The showcase featuring the Operatic Orchestra, gathered for only two sets at Nublu on December 8th, while a second performance featuring a slightly different lineup took place in Saugerties, New York, on December 11th.
The performers come from vastly different musical backgrounds. Martin, who teaches at The New School, is best known as one-third of experimental music trio Medeski, Martin & Wood. Charlie Burnham and Cyro Baptista have long and storied careers as session musicians, Wendy Eisenberg (my guitar teacher at TNS!) just released a banjo record called “Bent Ring,” among their myriad of projects, and Asher Herzog is a current student at, you guessed it, The New School. Despite working in such different capacities, the musicians find common ground in improvised music, providing for a unique collaboration.
Each performer came to find experimental music through contrasting outlets. “It started in the ‘80s when I got into Brazilian and Pan-African music,” Martin explained. He recalled how he “met a lot of jazz musicians in New York through that – Bob Moses, Jaco Pastorius, Pat Metheny, John Scofield, Bill Frisell, they were all these older dudes that I was playing with…and it sort of rubbed off on me, this open way of playing.”

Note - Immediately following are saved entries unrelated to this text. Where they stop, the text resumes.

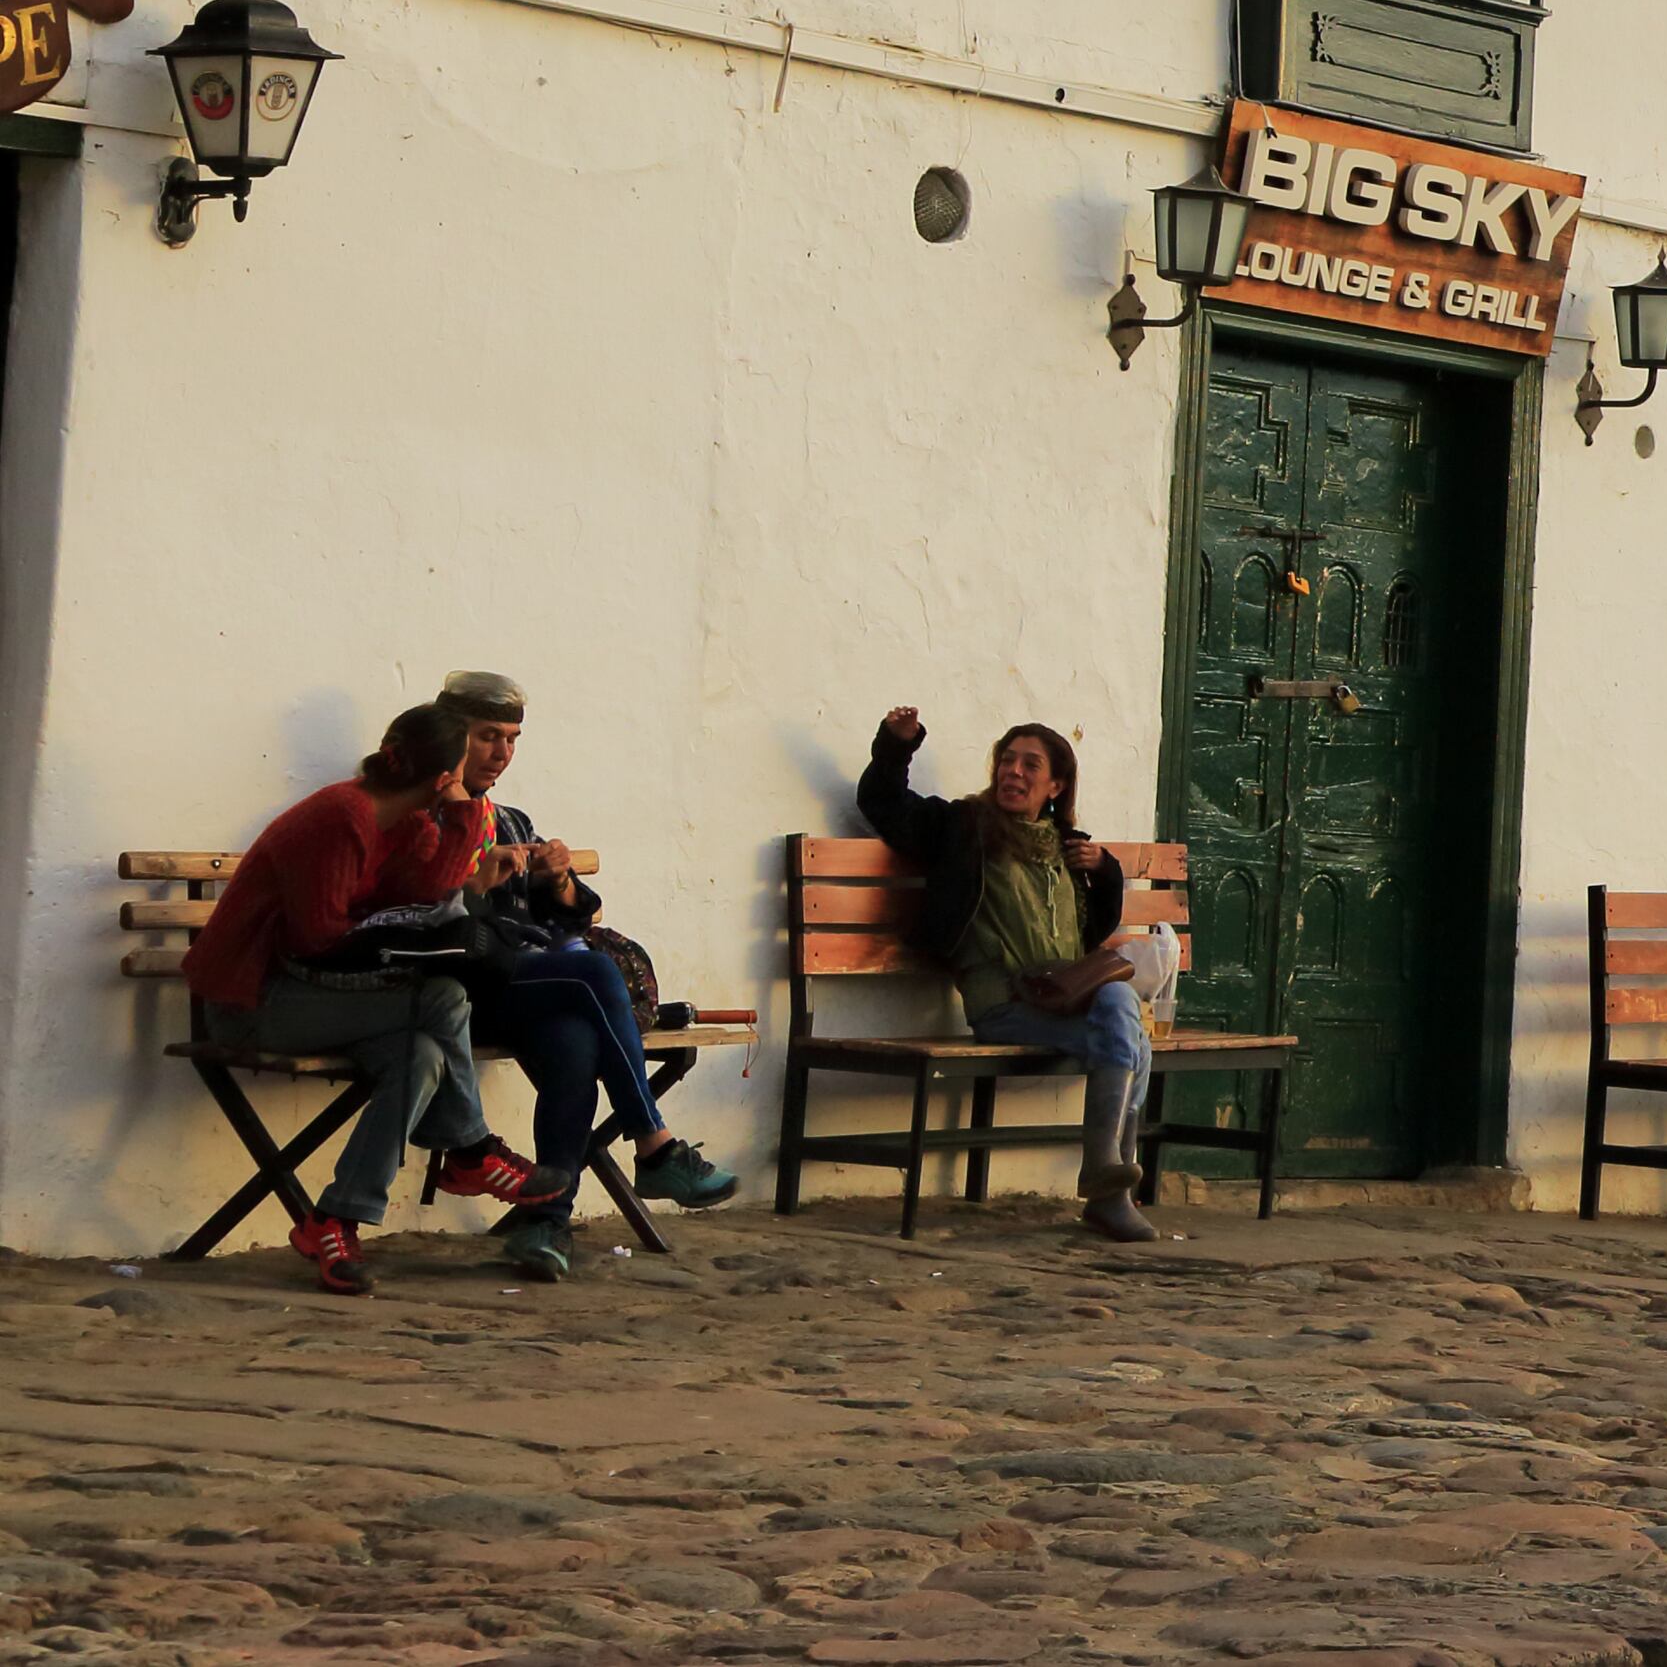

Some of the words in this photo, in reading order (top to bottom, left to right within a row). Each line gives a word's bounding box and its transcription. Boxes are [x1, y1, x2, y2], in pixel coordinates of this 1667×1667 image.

[1241, 130, 1397, 226] BIG
[1401, 164, 1582, 261] SKY
[1235, 242, 1394, 303] OUNGE
[1402, 272, 1431, 310] &
[1443, 279, 1547, 332] GRILL

“When Medeski, Martin & Wood formed,” Martin added, “we developed our own sound and I found my own voice. I love all kinds of music.”

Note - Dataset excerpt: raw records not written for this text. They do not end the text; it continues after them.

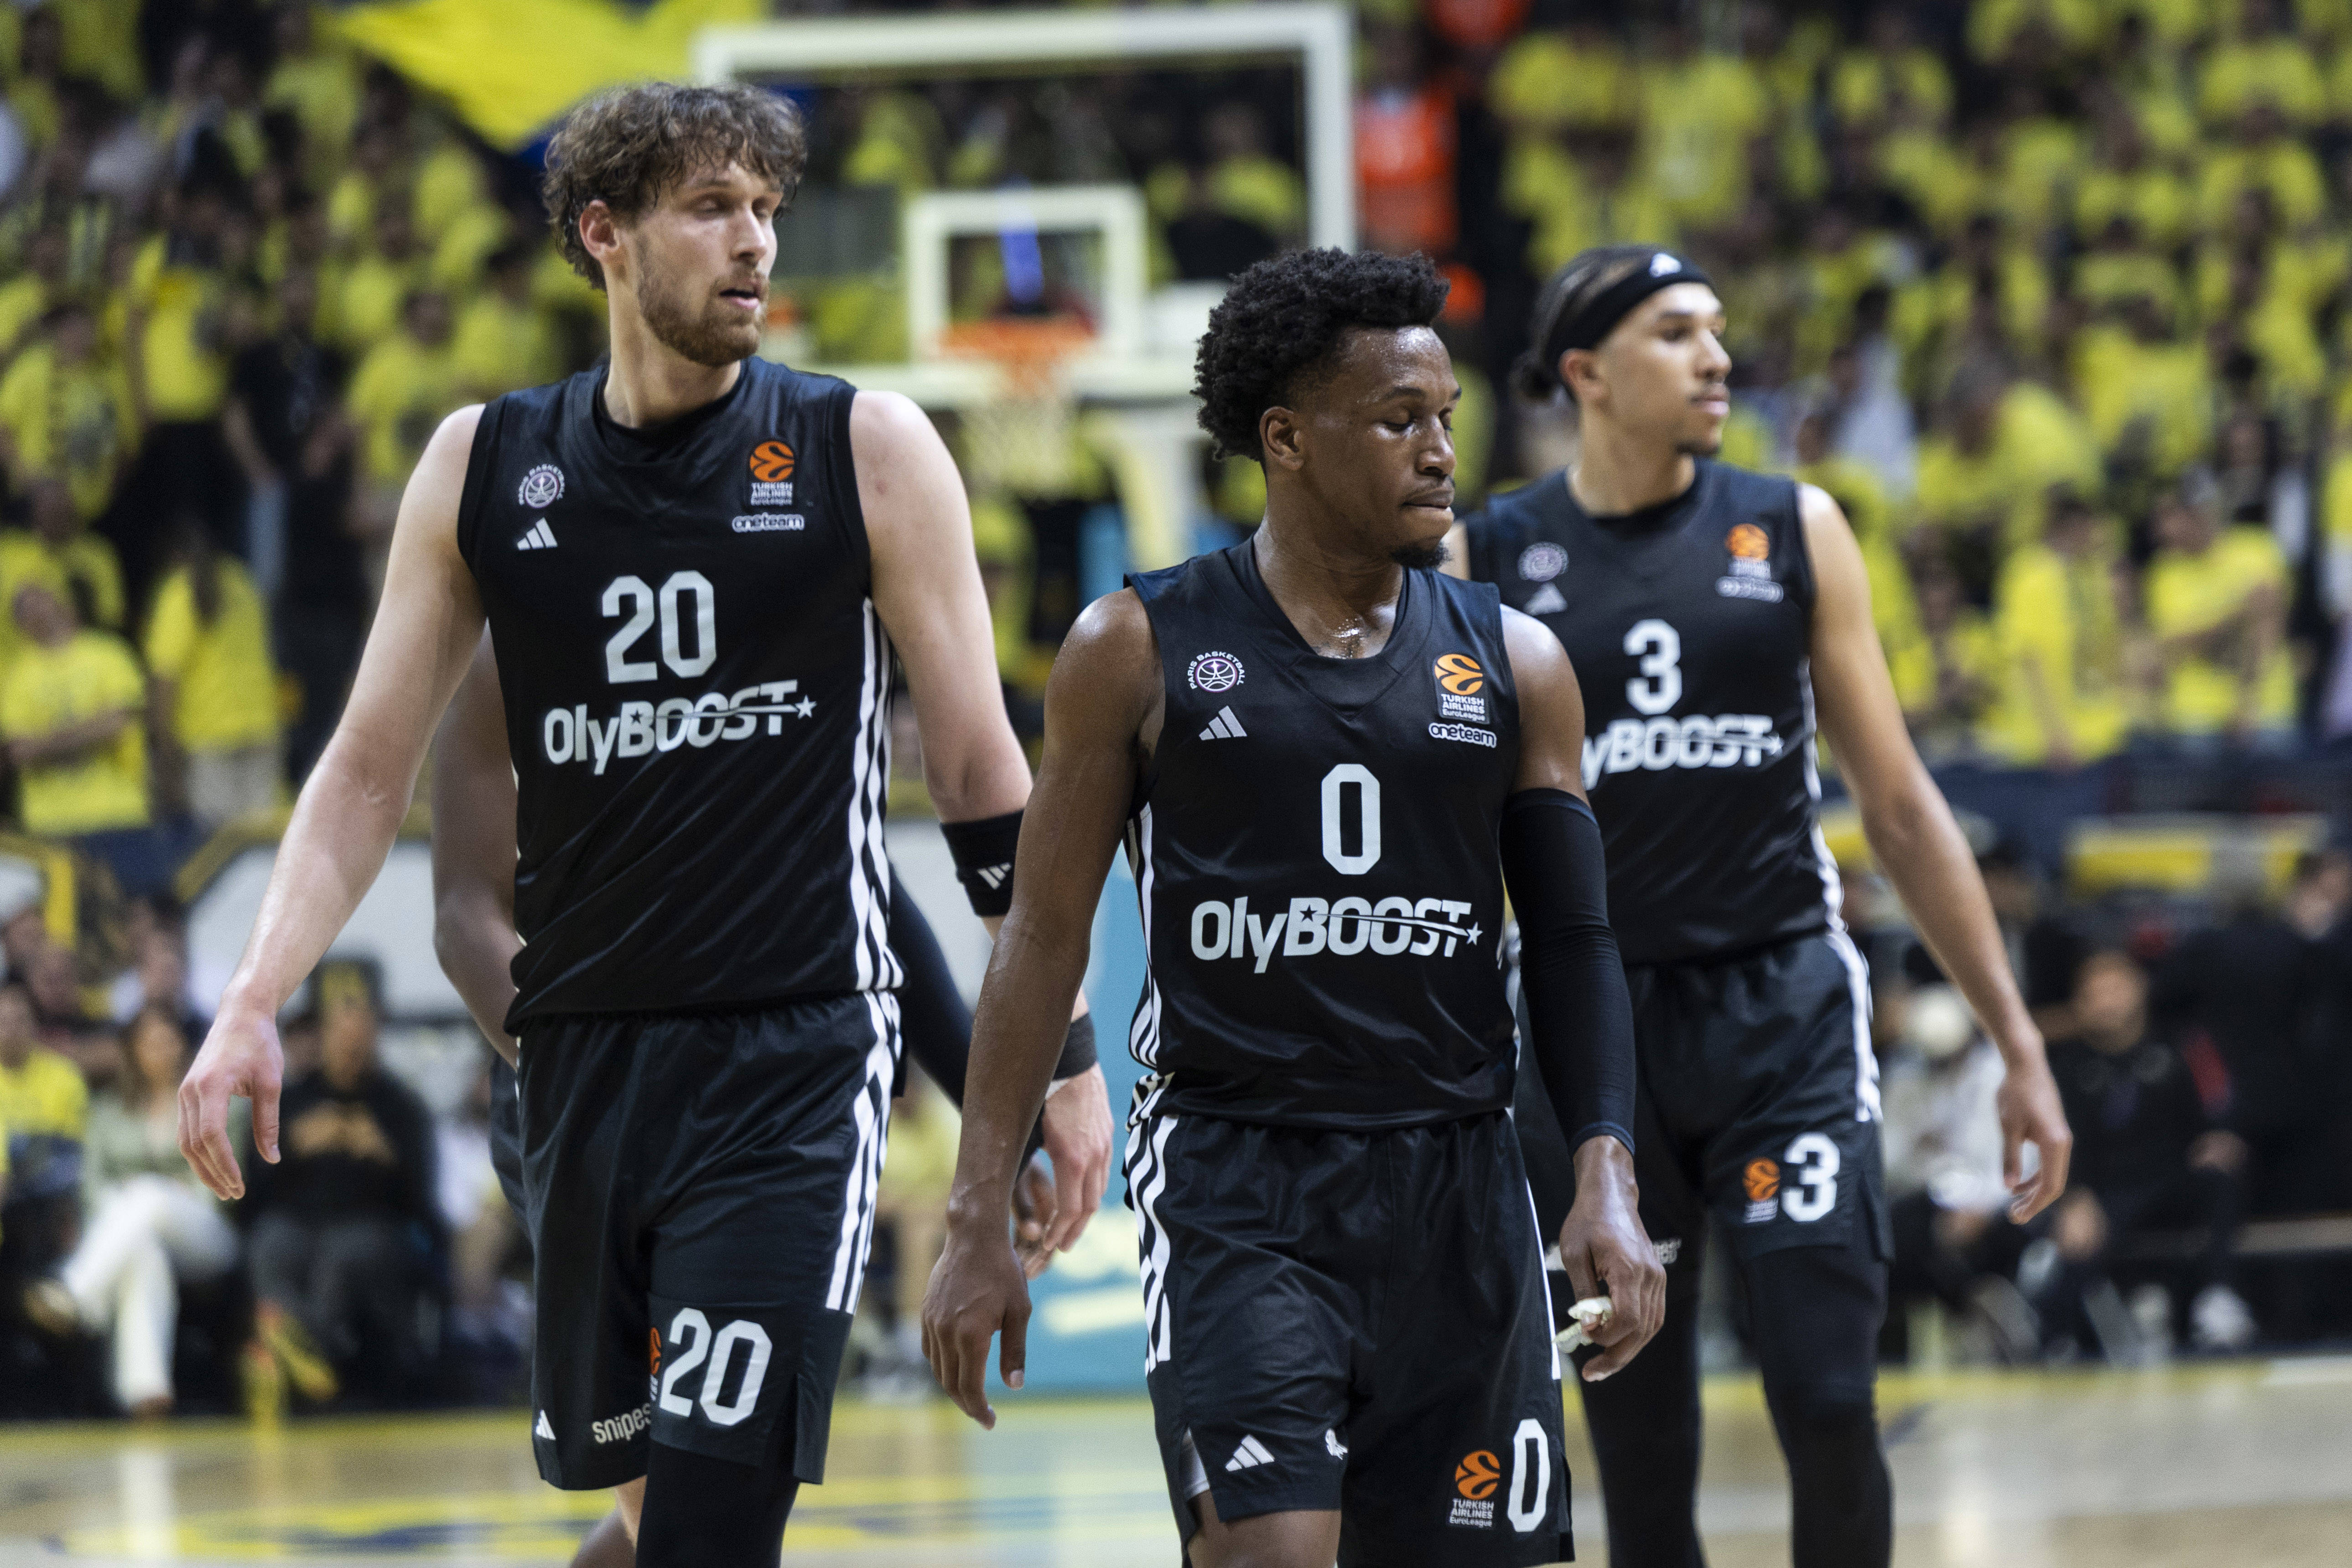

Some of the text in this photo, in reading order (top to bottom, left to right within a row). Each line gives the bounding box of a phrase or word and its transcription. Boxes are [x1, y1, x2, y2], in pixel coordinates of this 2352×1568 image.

[733, 514, 804, 532] oneteam
[602, 571, 717, 684] 20
[1187, 651, 1245, 689] PARIS BASKETBALL
[1623, 618, 1682, 715] 3
[1441, 693, 1485, 706] TURKISH
[1442, 701, 1485, 714] AIRLINES
[1442, 708, 1485, 721] EuroLeague
[544, 680, 798, 776] OlyBOOST
[1429, 724, 1496, 747] oneteam
[1321, 763, 1381, 875] 0
[1191, 896, 1472, 973] OlyBOOST
[1781, 1132, 1840, 1222] 3
[659, 1307, 773, 1426] 20
[1507, 1418, 1550, 1532] 0
[1449, 1516, 1492, 1528] EuroLeague
[1451, 1507, 1493, 1520] AIRLINES
[1452, 1498, 1494, 1511] TURKISH

Speaking to how they entered the field, guitarist Eisenberg commented, “when I was in jazz school, it didn’t feel totally right to be doing this thing that felt gate-kept, and super male. Also there was a super huge racial-politics thing…I thought, ‘how do I explore what I love about jazz from all angles and not just through an often white-supremacist lens,’ which led me to harsh noise, because it feels like jazz but isn’t. …Then I remembered I liked playing guitar and not pedals, so I got into improvising harsh noise, which turned into some hybrid of the two.”
But why and how did this particular group of musicians come together? “It’s sort of intuitive,” Martin said, “a lot of it is just watching and listening…just admiring other players and seeking them out.”
Listening is perhaps the driving force behind CMS and a lot of improvisational music. Martin explained: “Listening is the most important thing, it’s something I always stress when I teach and when I work at CMS… with everything in life you’re observing and that starts to inform you in a way.”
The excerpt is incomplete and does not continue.